You are what you eat and researchers are studying that concept in livestock. The American Shorthorn Association tells us about links between feed efficiency and reproduction.
Sustainability means many things to many people. One of the ways the beef industry is improving economic sustainability is through selection of cattle that use feed more efficiently.
Leading the way is the American Shorthorn Association and extension researchers at Iowa State University.
In an ongoing research project, they’ve been evaluating the relationships between feed efficiency, growth, and the onset of sexual maturity in growing heifers
According to ASA’s Matt Woolfolk, “In the fall of 2019, we started a new project with Iowa State University where we did a feed efficiency test on growing heifers and looking at the correlation between feed efficiency and measures and indicators of fertility and sexual maturity in those heifers.”
Participating Shorthorn breeders, who deliver six heifers each fall to the Iowa facility, have their cattle evaluated over 98 days for body condition, feed intake, and consumption. They are also evaluated through ultrasound for carcass characteristics, and DNA tested.
Once the heifers are returned home, the owners continue to gather data as they are bred and calve the following year.
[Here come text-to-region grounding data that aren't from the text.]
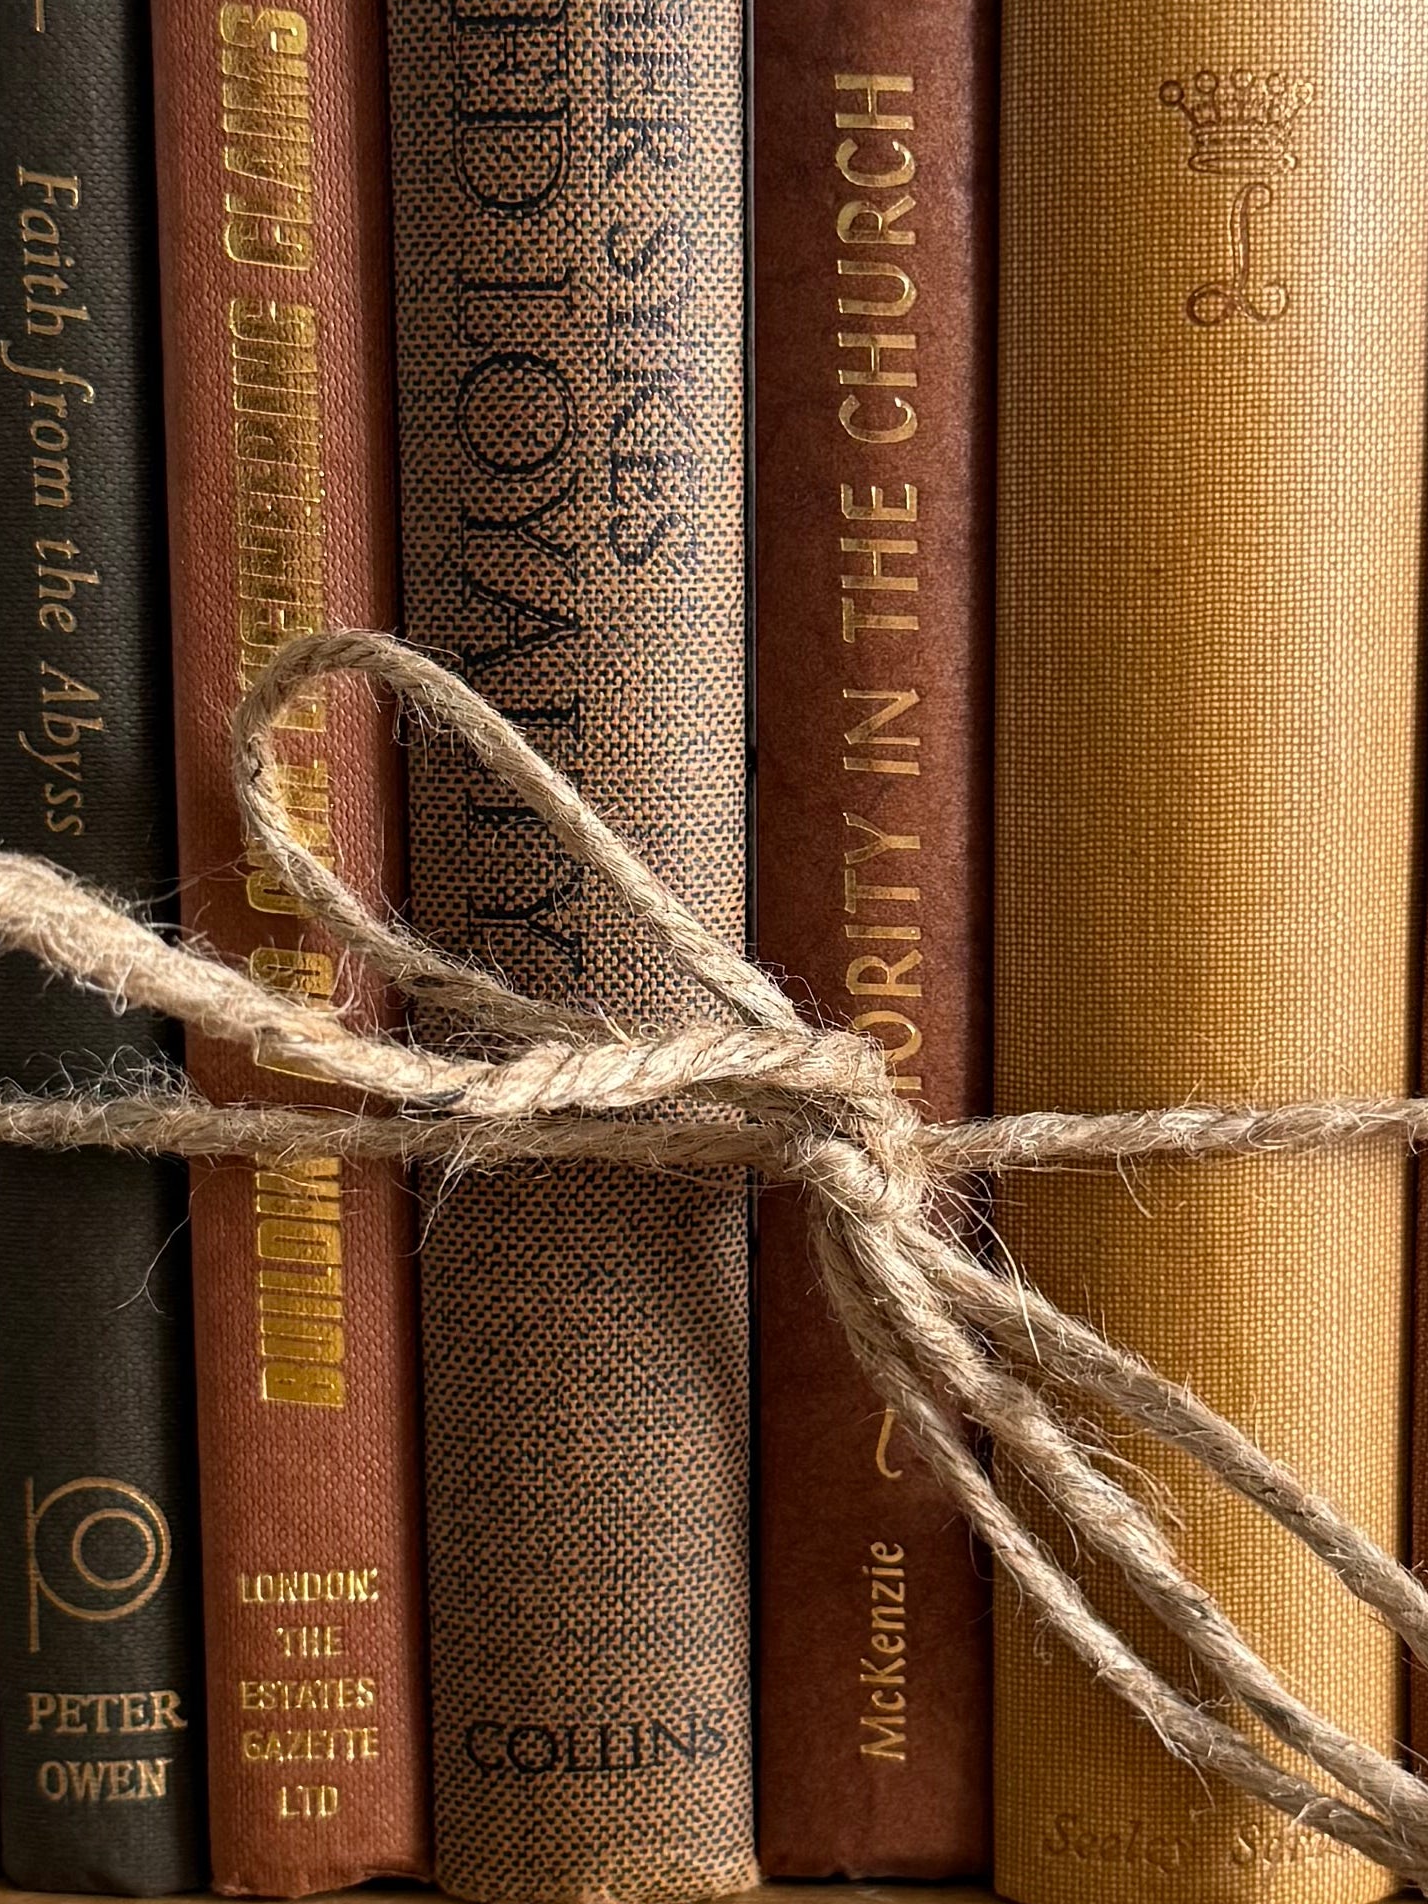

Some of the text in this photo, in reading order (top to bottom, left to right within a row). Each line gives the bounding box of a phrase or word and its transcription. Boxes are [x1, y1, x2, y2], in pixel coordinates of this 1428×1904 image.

[220, 0, 315, 272] CLAIMS
[605, 222, 698, 568] SYKES
[0, 164, 105, 838] Faith from the Abyss
[456, 273, 582, 974] LOYALTY
[834, 73, 924, 1093] ORITY IN THE CHURCH
[249, 946, 341, 1086] AD
[254, 1110, 347, 1410] BUILDIN
[27, 1688, 188, 1736] PETER
[239, 1678, 377, 1711] ESTATES
[276, 1626, 346, 1658] THE
[859, 1539, 908, 1763] McKenzie
[38, 1757, 173, 1803] OWEN
[241, 1727, 381, 1763] GAZETTE
[278, 1784, 341, 1822] LTD
[462, 1706, 729, 1776] COLLINS
The goal is to determine if more feed efficient heifers are reproductively efficient.
“Having an idea and an indicator of if there is a relationship, and what that relationship is, can help to improve upon two pretty important things in the election process of females for a cowman to find those efficient females that will breed up and stay in the herd, be efficient and go to work reproductively, quickly,” he notes.
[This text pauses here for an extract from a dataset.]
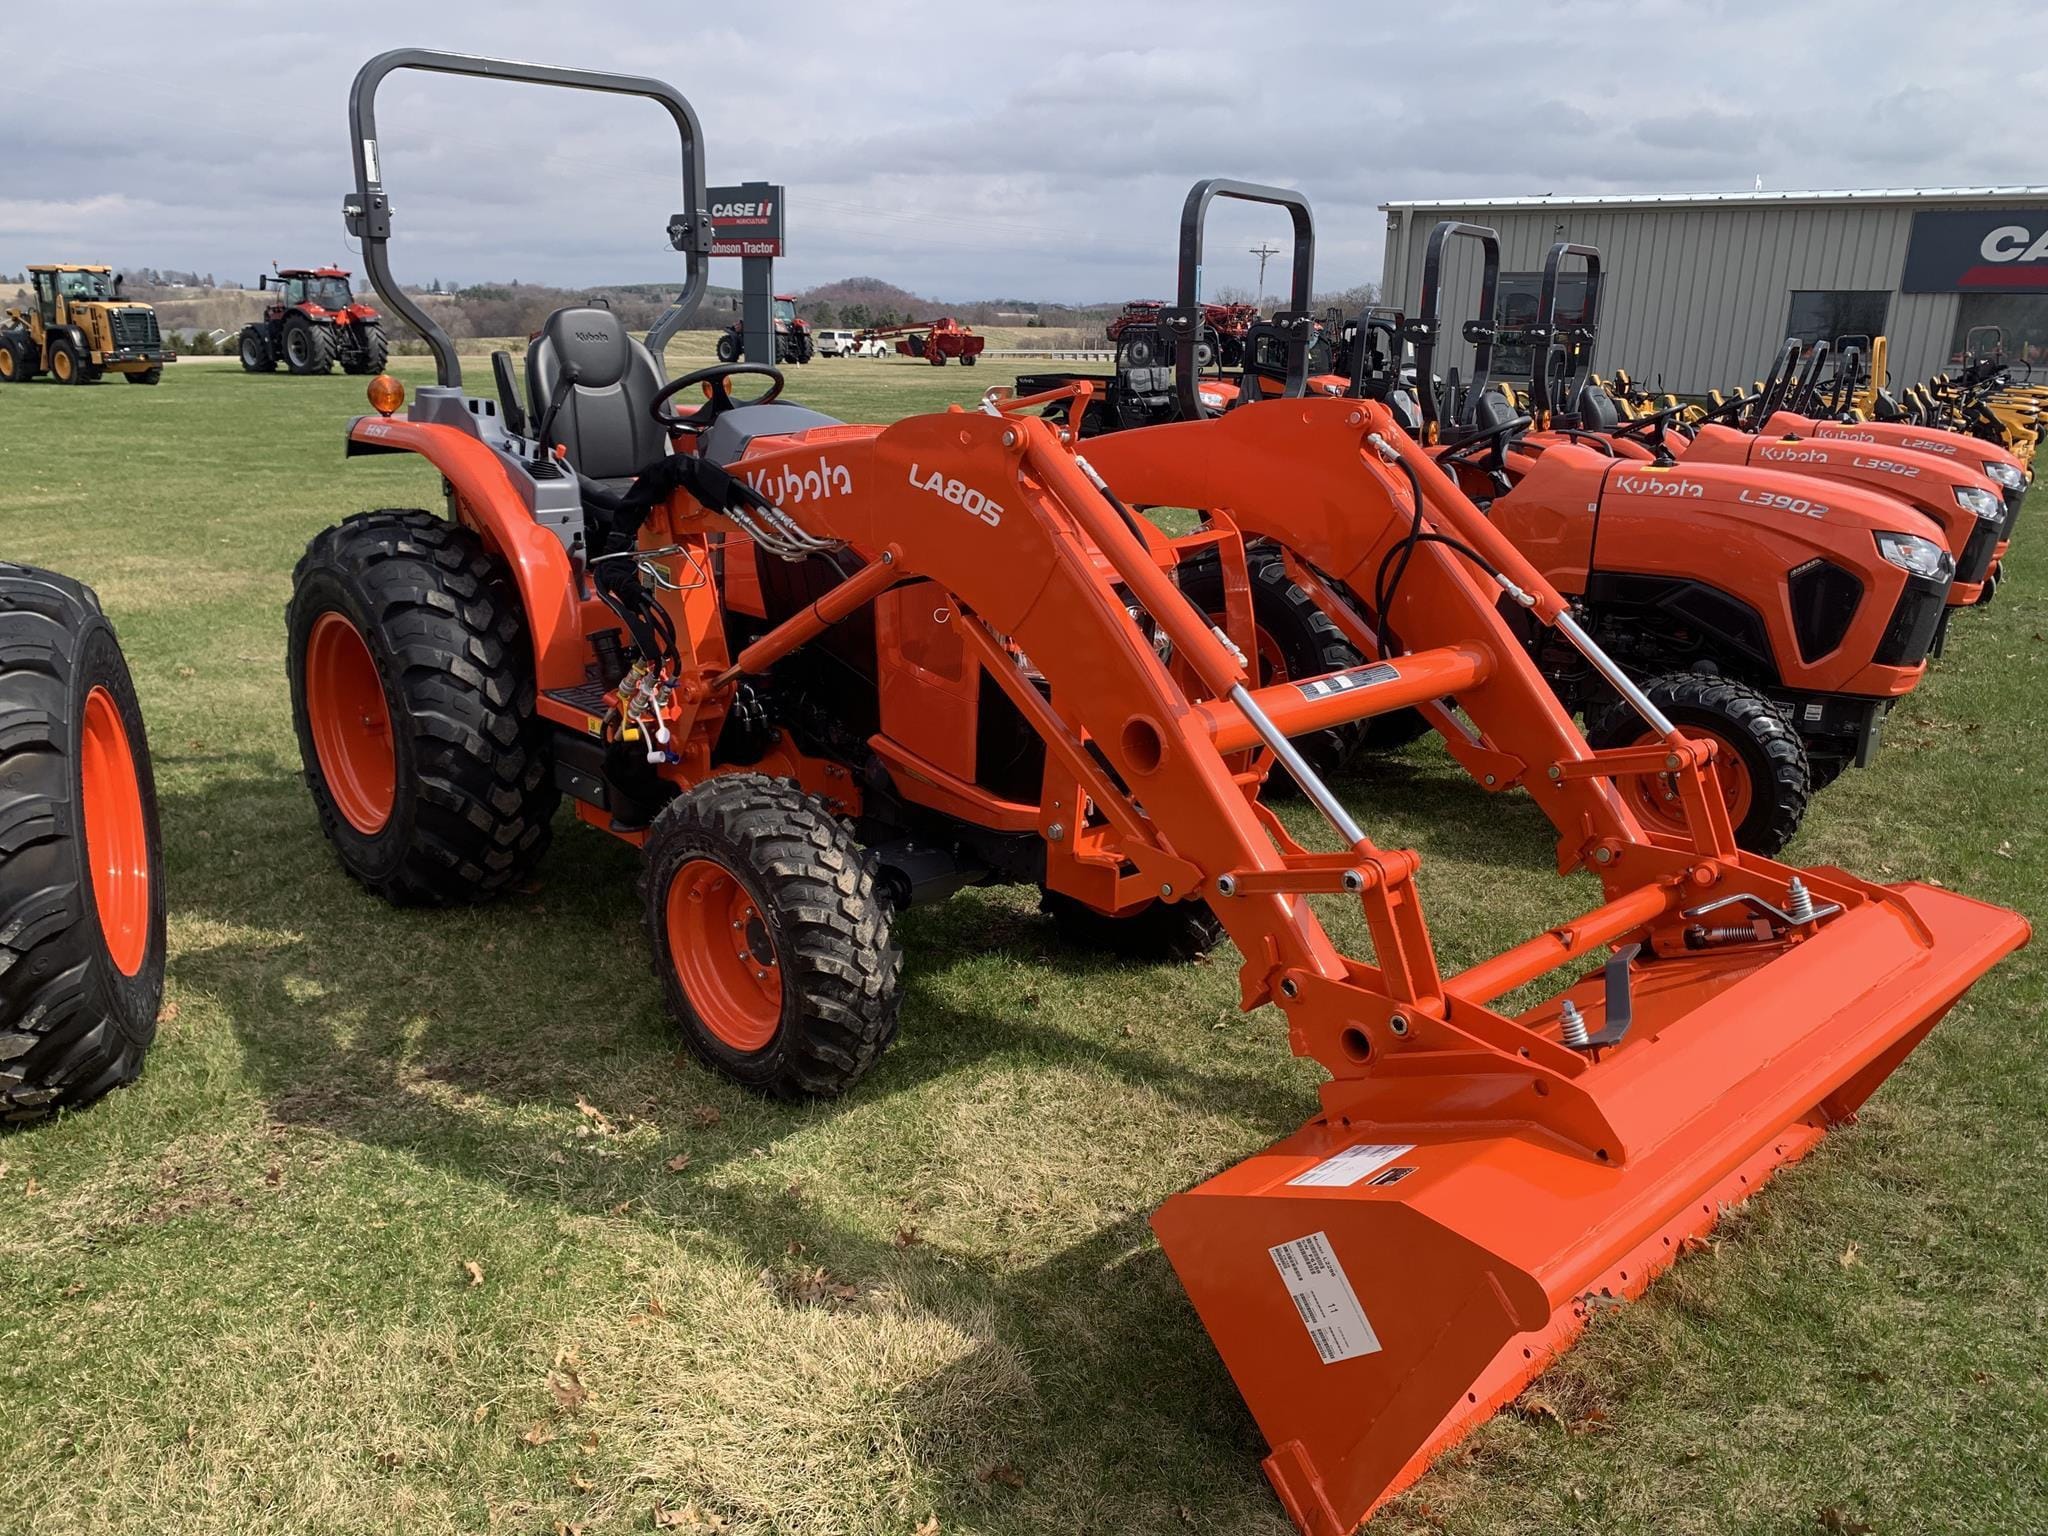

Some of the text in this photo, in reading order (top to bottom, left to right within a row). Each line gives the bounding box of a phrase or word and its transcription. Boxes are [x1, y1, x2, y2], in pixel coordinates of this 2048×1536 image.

Woolfolk sees the research project as continuing commitment to helping America’s ranchers and farmers become more sustainable.
He adds, “We have a responsibility to take care of the land, to take care of the cattle, and do so in a way that can put dollars back into the pocket of the cattlemen.”
The Shorthorn, known for its gentle disposition and superior beef traits, was the country’s first beef breed, tracing its U.S. history to the 1780s.